Claiming that political opponents are somehow ineligible to become President is nothing new.  The first “birther” movement arose with the election of President Chester A. Arthur in 1881.   In President Arthur’s case, this was due to the fact that his father was a traveling minister who served towns on both sides of the U.S.-Canada border.  President Arthur’s political opponents contended that he actually born on the Canadian side.  Because Arthur’s father was an Irish citizen at the time of Arthur’s birth in 1829 (or 1830), he would not have been a citizen at birth if he were born in Canada even though his mother was undeniably a natural born American citizen from Vermont.  While the challenge to Chester Arthur’s citizenship never reached federal court, it does provide an interesting insight into the how laws change over time.  If we assume solely for the sake of argument that Chester Arthur’s opponents were correct and he was born in Canada, then all that would separate Chester Arthur from Ted Cruz is the date of their birth.  Both had American mothers and foreign fathers.  When Chester Arthur was born, children born outside the USA to American citizen mothers and foreign fathers were not necessarily American citizens.  By the time Ted Cruz was born 140 years later, the law had changed so that he mother transmitted citizenship.  Because a number of Presidential candidates are proposing changes to U.S. citizenship law, including to birthright citizenship, the comparison of the cases of Ted Cruz and Chester Arthur may be more than just an historical mind game.

The Elephant in the Room

While I have tried to present a genuinely balanced, non-partisan analysis of the complex issues surrounding the question of who is eligible to become President of the United States, I cannot in good conscience end without addressing the proverbial “elephant in the room:” the anti-Obama “birther” movement.  This remains a topical issue because so many people still buy into the rhetoric.  A recent poll found that 53 percent of Republicans still doubt Obama’s citizenship.

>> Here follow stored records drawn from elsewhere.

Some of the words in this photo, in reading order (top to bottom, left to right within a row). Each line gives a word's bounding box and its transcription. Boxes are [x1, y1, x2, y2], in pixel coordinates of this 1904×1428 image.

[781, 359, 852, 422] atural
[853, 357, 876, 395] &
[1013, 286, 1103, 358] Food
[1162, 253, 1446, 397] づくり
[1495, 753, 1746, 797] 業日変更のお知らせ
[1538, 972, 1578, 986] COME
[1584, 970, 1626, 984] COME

At the same time, an overwhelming 70 percent don’t have any doubt Cruz is American and eligible to be president.  In other words, 23% of Republicans profess to simultaneously holding not just inconsistent but diametrically opposing views.

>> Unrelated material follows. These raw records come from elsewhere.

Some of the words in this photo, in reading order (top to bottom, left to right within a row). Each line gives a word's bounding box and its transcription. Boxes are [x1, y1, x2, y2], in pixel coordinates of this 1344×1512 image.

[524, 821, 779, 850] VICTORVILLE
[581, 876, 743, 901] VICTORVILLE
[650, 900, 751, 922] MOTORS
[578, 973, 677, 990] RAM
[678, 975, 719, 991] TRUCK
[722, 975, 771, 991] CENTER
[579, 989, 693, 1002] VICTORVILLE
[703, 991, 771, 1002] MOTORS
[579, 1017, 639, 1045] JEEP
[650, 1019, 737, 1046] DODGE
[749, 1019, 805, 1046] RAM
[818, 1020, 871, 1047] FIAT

First, I believe that no rational person can seriously doubt the fact that President Obama was born in Hawaii, a U.S. state.  Even if, however, someone lives is a “Man in the High Castle” style alternate reality in which history is totally rewritten and Barack Obama was born in Kenya and somehow transported (either by secret supersonic plane or even the TARDIS itself) to Hawaii to complete all requirements for a Certificate of Live Birth to be issued, then this fictional, alternate Obama would still be in exactly the same legal position as Ted Cruz.  Both men would have been born after 1952 and thus subject to the same set of citizenship requirements included in the amendments to the Immigration and Naturalization Act passed 1952.  Both men would have been born to U.S. citizen mothers who were themselves born in the USA.  Both men would have had non-citizen, foreign-born spouses.  So, I have to ask myself:  how is it possible for anyone – no matter how detached from reality their views on President Obama’s birth place may be – to consider Ted Cruz to be eligible to be President but not Barack Obama?  The sad reality is that millions of Americans evidently hold those utterly inconsistent views.  I cannot say if they are driven by ideology, racism or other base instincts.  What I can say for sure is that whatever is driving them is also blinding them to the inconsistency in their own beliefs.   That, unfortunately, is a very sad reality that makes me worry about the future of American politics.